Needed: Transparent Full Disclosure

Plan officials and participants must then look at what’s inside their target date funds, which blend a portfolio mix of various asset classes to provide diversification and a risk profile that many consider suitable for an investor’s age group and planned retirement date. Some of these are now being reformulated into CITs.

If there were to be a run on one of such an umbrella fund’s underlying investments — for collapsing credit or any other reason — how will the fund provide liquidity to a DC plan participant who then wants out? Will the portfolio managers try to wallpaper over the problem by selling other, liquid securities to enable those rushing to the exits to enjoy full book value at the cost of impairing the investment value of remaining investors’ accounts? Will private assets be priced daily for fair market value, as one of the larger fund managers is laudably now planning?

This then brings us to the various forms of alternative investments that will undoubtedly be packaged into CITs and other emerging investment vehicles. Whether it’s hedge funds, private equity, real estate, private credit, crypto, gold or commodities, it’s likely that these new instruments will carry fee structures that make most mutual funds now used in the DC industry look dirt cheap.

These are questions that require full disclosure, in layman’s terms for relatively unsophisticated investors to understand, because most retirement savers will remain oblivious that this is going on. Remember that these target date funds are commonly sold as “set it and forget it.”

What Retirement Savers Need to Know

For starters, plan participants should receive an annual full-cost table showing the all-inclusive fee structures for every investment vehicle in the menu. Private equity funds touting 15 percent expected rates of return, for example, should show how much their 20 percent carried interest — the fund manager’s share of investment profits — will cut into total returns.

My single most important investment suggestion along these lines is that the defined-contribution industry, and 457-plan gatekeepers in particular, should insist that any alternative investments in their plan menus set a minimum rate of return — known in the industry as a “hurdle rate” — before any carried interest and incentive fees are payable. That way, the investing public would not pay escalating fees unless the portfolio managers actually produce investment results at least equal to or better than the analogous traditional public-markets instruments.
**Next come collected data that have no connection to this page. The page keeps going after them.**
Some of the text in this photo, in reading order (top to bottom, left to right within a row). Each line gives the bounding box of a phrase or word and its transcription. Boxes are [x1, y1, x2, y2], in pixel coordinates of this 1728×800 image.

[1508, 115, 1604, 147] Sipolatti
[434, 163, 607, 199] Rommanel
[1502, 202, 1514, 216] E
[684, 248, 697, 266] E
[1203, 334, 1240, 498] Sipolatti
Private credit managers should not receive performance fees, for example, unless they outperform prevailing corporate bond yields.

Before investing, and annually thereafter, participants should be given fund-level fee tables showing total costs at various levels of investment outcomes in annualized percentage terms. That requires extra effort, but anything short of this is fleecing the lambs.
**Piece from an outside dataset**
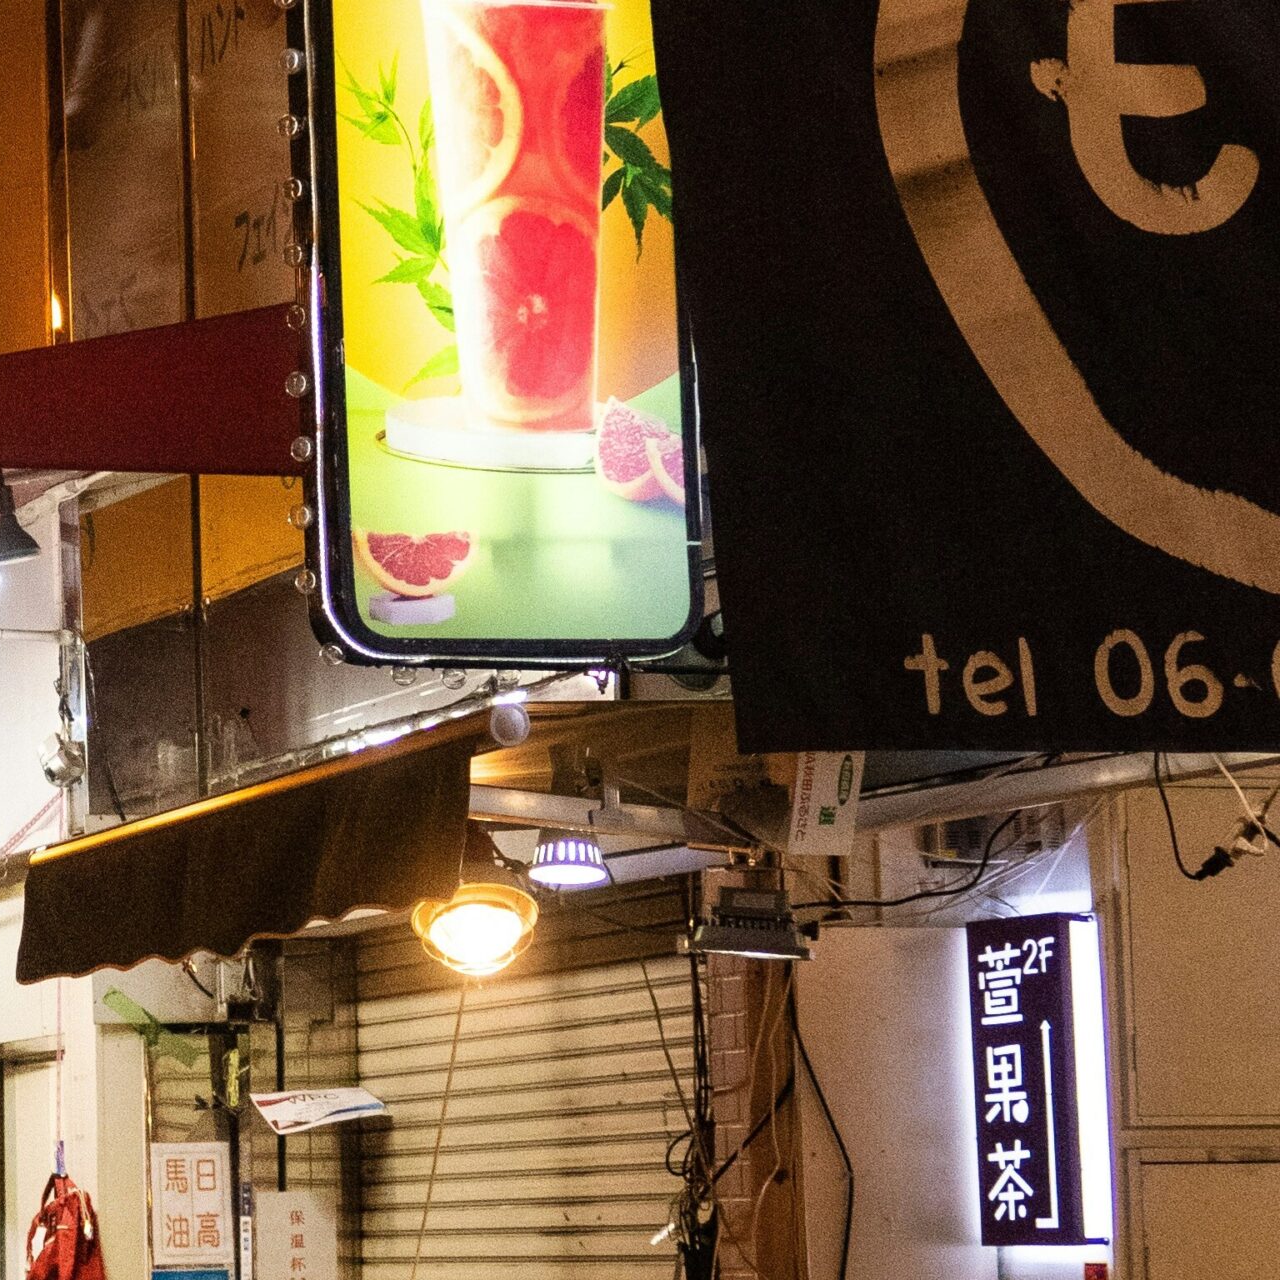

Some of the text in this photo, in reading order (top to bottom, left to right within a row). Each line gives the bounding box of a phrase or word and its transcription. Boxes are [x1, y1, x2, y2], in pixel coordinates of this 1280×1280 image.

[904, 628, 1280, 719] tel 06-
[1021, 936, 1055, 975] 2F
[977, 942, 1035, 1222] 萱果茶
When markets and marketeers turn euphoric, history shows that patient, prudent money will win out. To quote Warren Buffet, “Only when the tide goes out do you discover who’s been swimming naked.” Bear in mind that there is no star, planet or moon in this universe wherein the best vehicles for alternative investments will be offered earliest to public-sector retirement investors.

The gatekeepers of public-employee DC plans therefore can serve participants best if they avoid hype, cull out the duds and fee vampires, and put a spotlight on product features that novices are unlikely to notice on their own. In this rush for investment success, all that glitters is not gold.


Governing‘s opinion columns reflect the views of their authors and not necessarily those of Governing‘s editors or management. Nothing herein should be construed as specific investment advice.